Handout, E251, 1. Feb, 2000,  HH
    The experiential metafunction: Clause as representation

    Ideational (construes human experience) – Transitivity
    Interpersonal (enacts human relationships) – Mood
    Textual (creates discourse) – Theme/Rheme

                Logical (links between components rather than unit–whole)
    Ideational function
                Experiential (modelling a domain of "knowledge" – construing organic ‘wholes’)

    Processes, participants, circumstances


    – setting up taxonomies of events, things and qualities
    – utterances/texts are about processes involving participants (under certain circumstances)
    semantic (role) process participant(s) circumstance
    verbal group
    nominal group:
    adverbial group / prepositional phrase

    material (‘doing’, ‘causing')
    behavioural (‘acting’)
    major  mental (‘thinking’, ‘sensing’, 'evaluating')
    process types verbal (‘saying’)
      relational (‘being’, ‘having’)
      existential (‘existing’, ‘appearing’)

    Thompson, p 79:
    Three questions that can be asked about any process and the clause of which it forms a nucleus:

    1. What kind of process is it?
    2. How many participants can/must be involved in the process?
    3. What roles can/must those participants play?
The three major types of processes with associated participants

Associated participants: Actor & Goal
Actor. the participant always inherent in a material clause. The Actor can be animate (‘action’) or inanimate (‘event’). The process it participates in may or may not extend to affect another participant, the Goal.

Actor Process         Goal
They were making supper.

Actor   Process Circumstance
The car crashed into a tree

Goal Process Circumstance
Rome was not built in a day.

Actor                                    Process          Goal       Circumstance
Ambulance crews, firefighters and police helped to rescue passengers from the water.

Goal           Process      Actor
The passengers were rescued by ambulance crews, firefighters and police

Associated participants: Senser & Phenomenon
Phenomenon. Participant role in the transitivity structure of a mental clause: the phenomenon sensed by the Senser. (Senser in bold; Phenomenon in italics.)

She saw them. She saw them leaving the house.
These people don’t understand functional grammar.
She recognized the dilemma she and every teenager around her found themselves in.
One professor felt we should get our feet dirty.
Sarah fears nothing. Nothing frightens her.
His behaviour disgusted many people. / Many people condemned his behaviour.

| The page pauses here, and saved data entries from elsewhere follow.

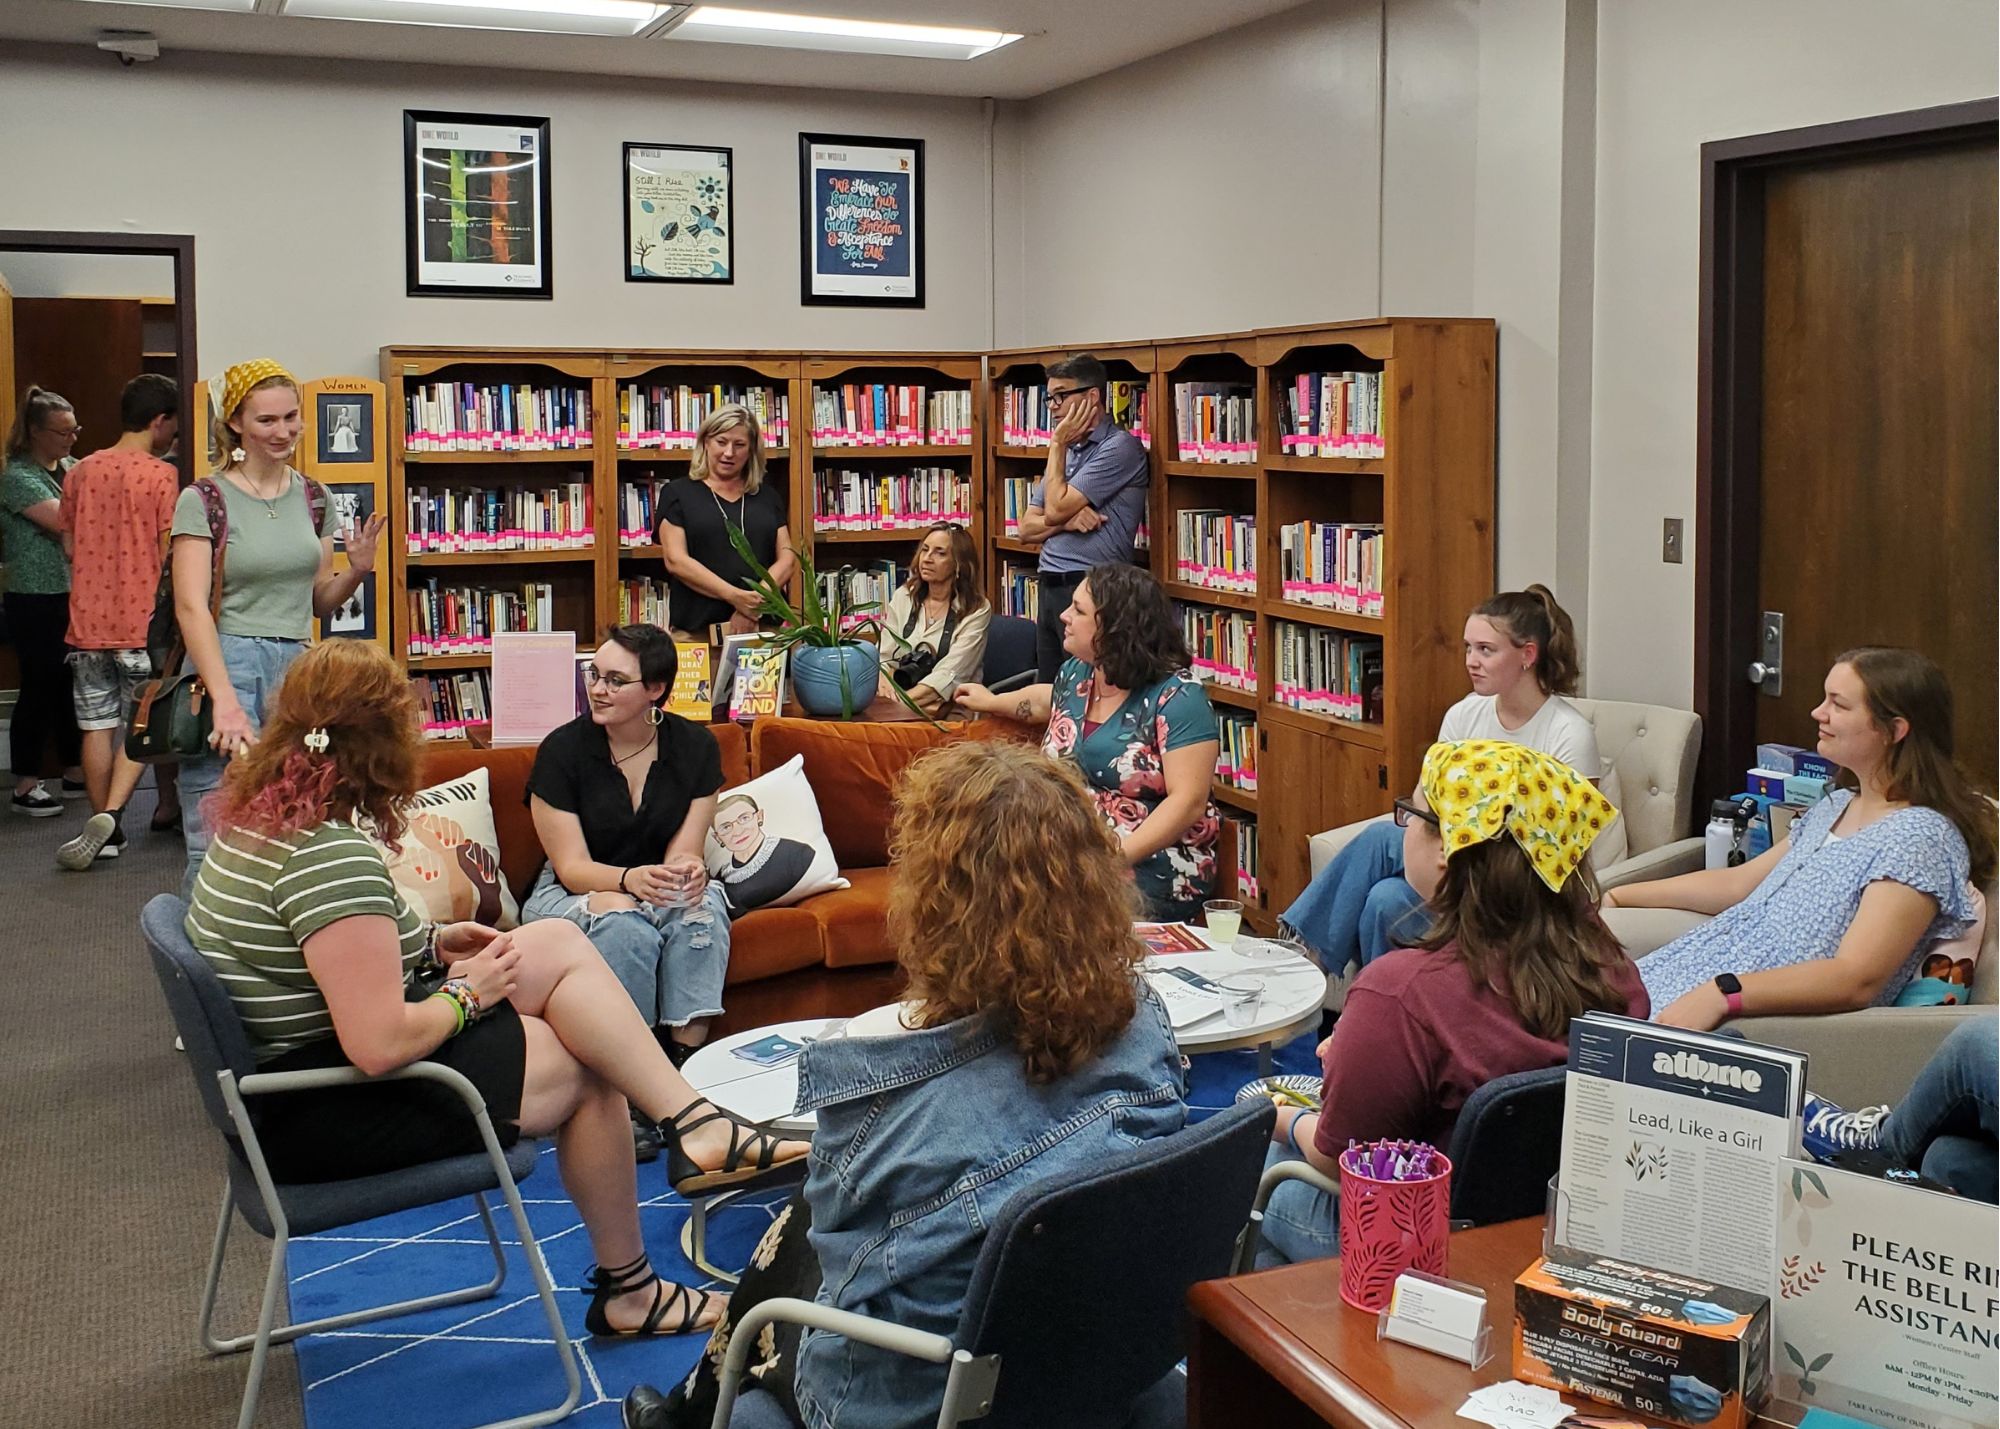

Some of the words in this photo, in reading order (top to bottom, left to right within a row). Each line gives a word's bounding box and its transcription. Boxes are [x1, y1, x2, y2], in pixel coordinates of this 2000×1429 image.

[436, 130, 459, 140] WORLD
[635, 176, 654, 185] Still
[829, 177, 850, 193] We
[850, 179, 880, 196] Have
[878, 181, 897, 196] To
[830, 190, 874, 208] Embrace
[874, 194, 898, 209] Our
[826, 204, 882, 221] Differences
[881, 207, 899, 221] To
[824, 217, 857, 232] Create
[857, 217, 902, 235] Freedom
[838, 231, 894, 249] Acceptance
[842, 245, 863, 260] For
[322, 379, 367, 390] WOMEN
[736, 674, 778, 692] BOY
[740, 698, 776, 713] AND
[1804, 763, 1826, 773] KNOW
[447, 782, 477, 801] UP
[1652, 1051, 1762, 1093] attune
[1629, 1107, 1673, 1133] Lead,
[1680, 1118, 1713, 1139] Like
[1719, 1131, 1727, 1143] a
[1733, 1131, 1762, 1151] Girl
[1852, 1232, 1954, 1276] PLEASE
[1965, 1261, 1999, 1288] RI
[1842, 1260, 1896, 1292] THE
[1907, 1277, 1976, 1313] BELL
[1639, 1302, 1662, 1315] 50
[1563, 1306, 1613, 1337] Body
[1619, 1322, 1681, 1350] Guard
[1559, 1328, 1625, 1352] SAFETY
[1629, 1349, 1679, 1368] GEAR
[1938, 1344, 1961, 1353] Center
[1963, 1350, 1980, 1359] Staff
[1913, 1360, 1937, 1371] Office
[1648, 1373, 1665, 1383] AZUL
[1911, 1371, 1931, 1382] 12PM
[1944, 1381, 1961, 1391] 1PM
[1569, 1377, 1625, 1405] FASTENAL
[1635, 1396, 1654, 1411] 50
[1908, 1381, 1940, 1397] Monday
[1948, 1392, 1974, 1407] Friday
[1847, 1400, 1866, 1410] TAKE
[1875, 1408, 1895, 1419] COPY

A Carrier is construed as being ascribed or attributed to an Attribute: the relation can be interpreted as one of class-membership – the Carrier is construed as a member of the class described by the Attribute.
Carrier Process Attribute Circumstance
His clothes are very expensive.  
You  are a fool.  
The barracks has become an art gallery now.
Some granite has large crystals.  
The teacher wasn't in her office.  
The names of some structures appear in boxes.  
This city park comes alive on Sundays.

In identifying clauses a general relationship of symbolization is construed between two participants, the Identified and the Identifier. The relationship can also be characterized as one between Token and Value:

Identified       Identifier
Token            Value
This sentence is an example of an identifying clause.

Identified     Identifier
Token  Process Value
Hamlet is      Shakespeare's most famous play.

Identified                              Identifier
Value                          Process  Token
Shakespeare's most famous play is      Hamlet.

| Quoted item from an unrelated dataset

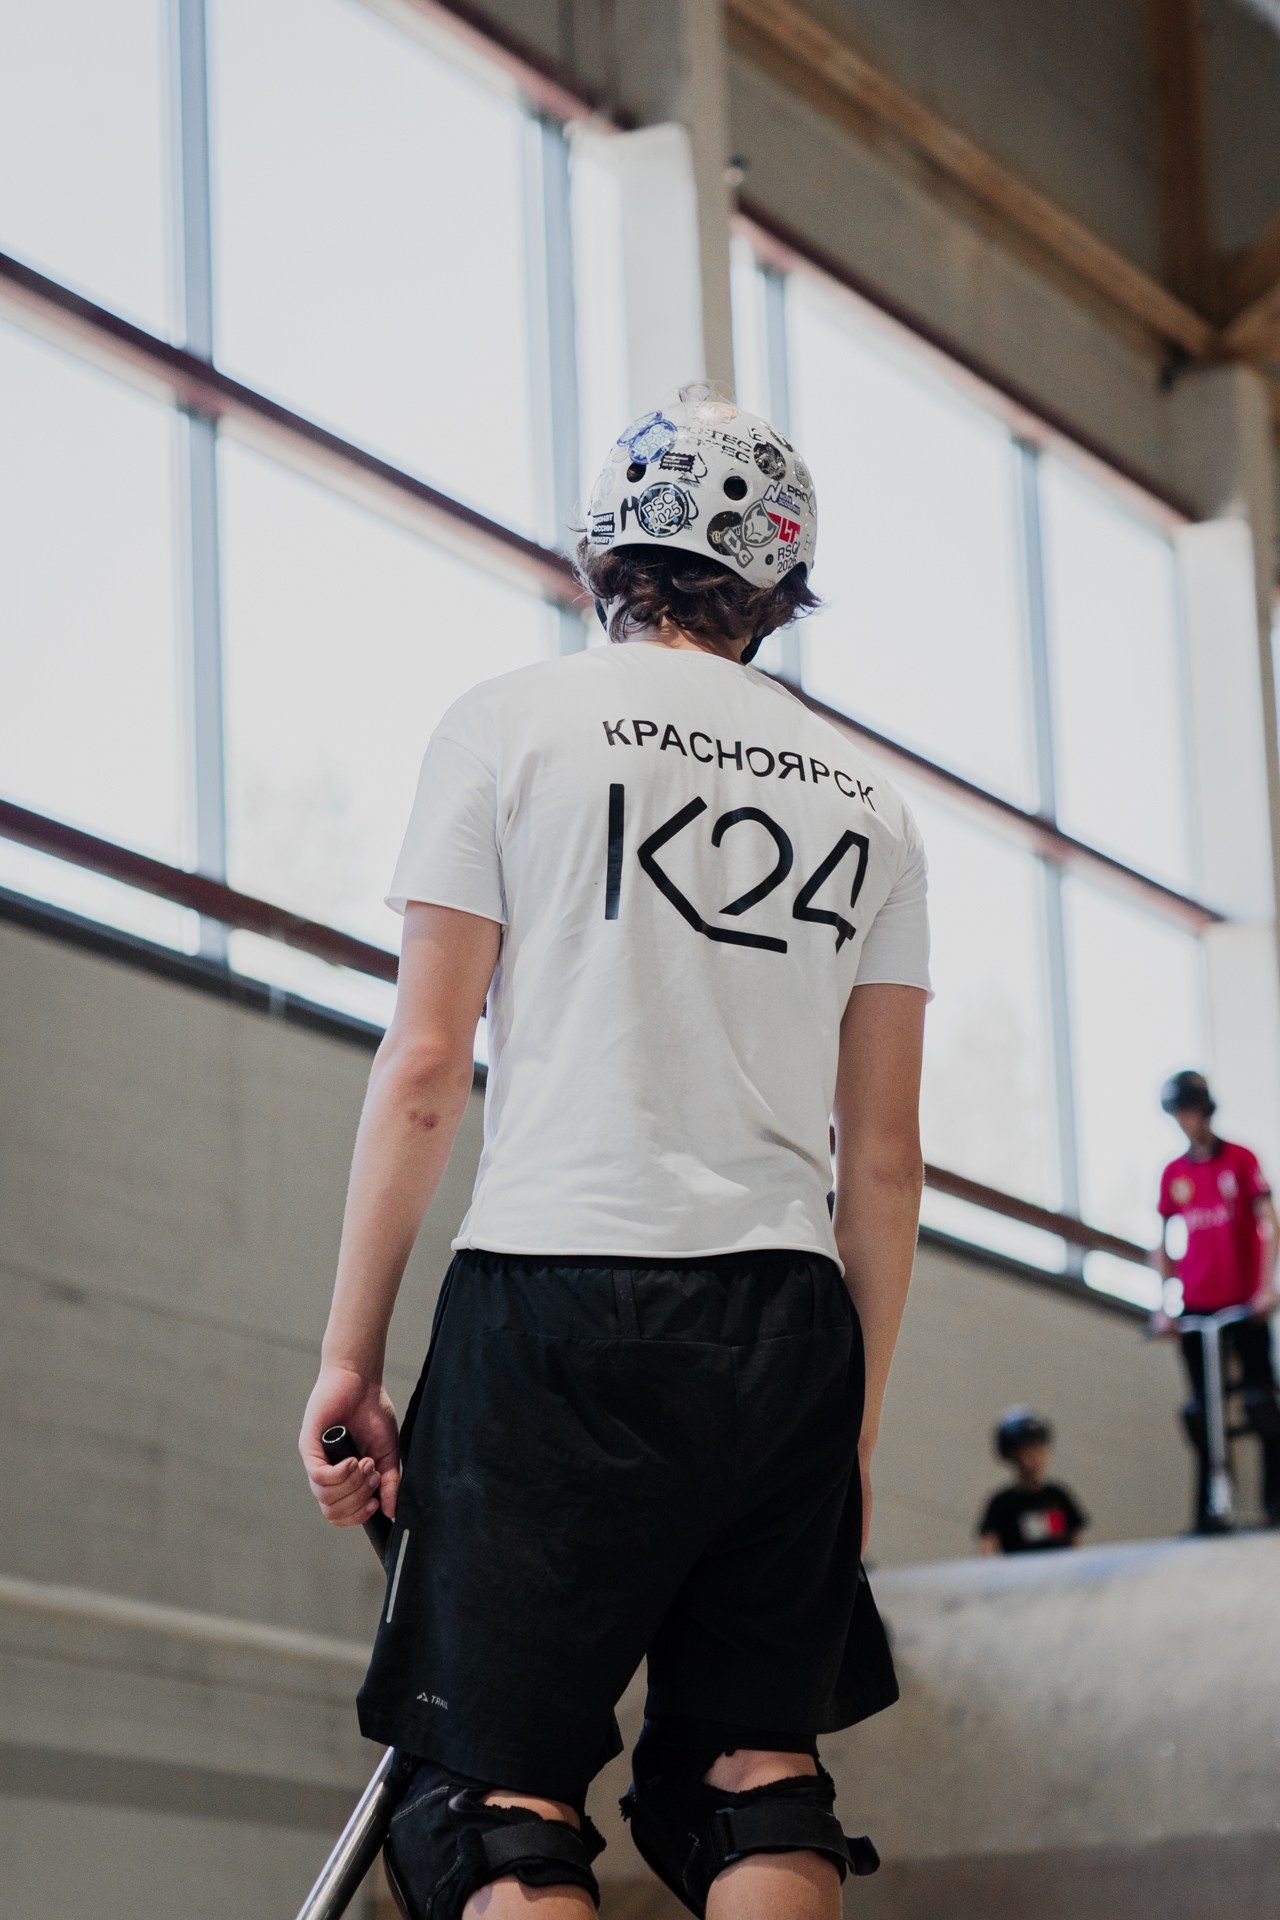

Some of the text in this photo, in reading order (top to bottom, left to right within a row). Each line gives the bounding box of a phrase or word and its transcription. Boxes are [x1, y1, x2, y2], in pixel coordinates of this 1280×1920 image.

[643, 491, 676, 518] RSC
[602, 718, 877, 813] КРАСНОЯРСК
[430, 1694, 449, 1710] TRAIL

Identified               Identifier
Token          Process   Value
Each structure expresses one kind of semantic organization.

Identified          Identifier
Token      Process  Value
The course comprises two years of full-time study.

Token/value analysis with intensive processes

The token is a symbol of something else, the value.

To identify which is which: use the verb represent instead of be. If the verb must be in the active voice to render the same meaning, the order is Token^Value. If the verb must be in the passive voice to render the same meaning, the order is Value^Token. (Cf: Hamlet represents S's most famous play vs. S's most famous play is represented by Hamlet.)

Attributive or identifying relational process?

Most possessive and circumstantial relational clauses are attributive, but with intensive clauses, we need to be able to distinguish.
  Attributive Identifying
Example John is a fool. John is the chairman.
Reversible? No (*a fool is John) Yes (*the chairman is John)
Probing question What is John like? What/who is John?
Realization of complement adjectival or nominal nominal
Semantic function of complement assign Carrier to a class, denote an Attribute of the Carrier assign a relationship of full identity between the subject and the complement. (i.e. Token = Value; Identified = Identifier)

Three minor process types

Associated participants: Sayer and Verbiage (+ Receiver)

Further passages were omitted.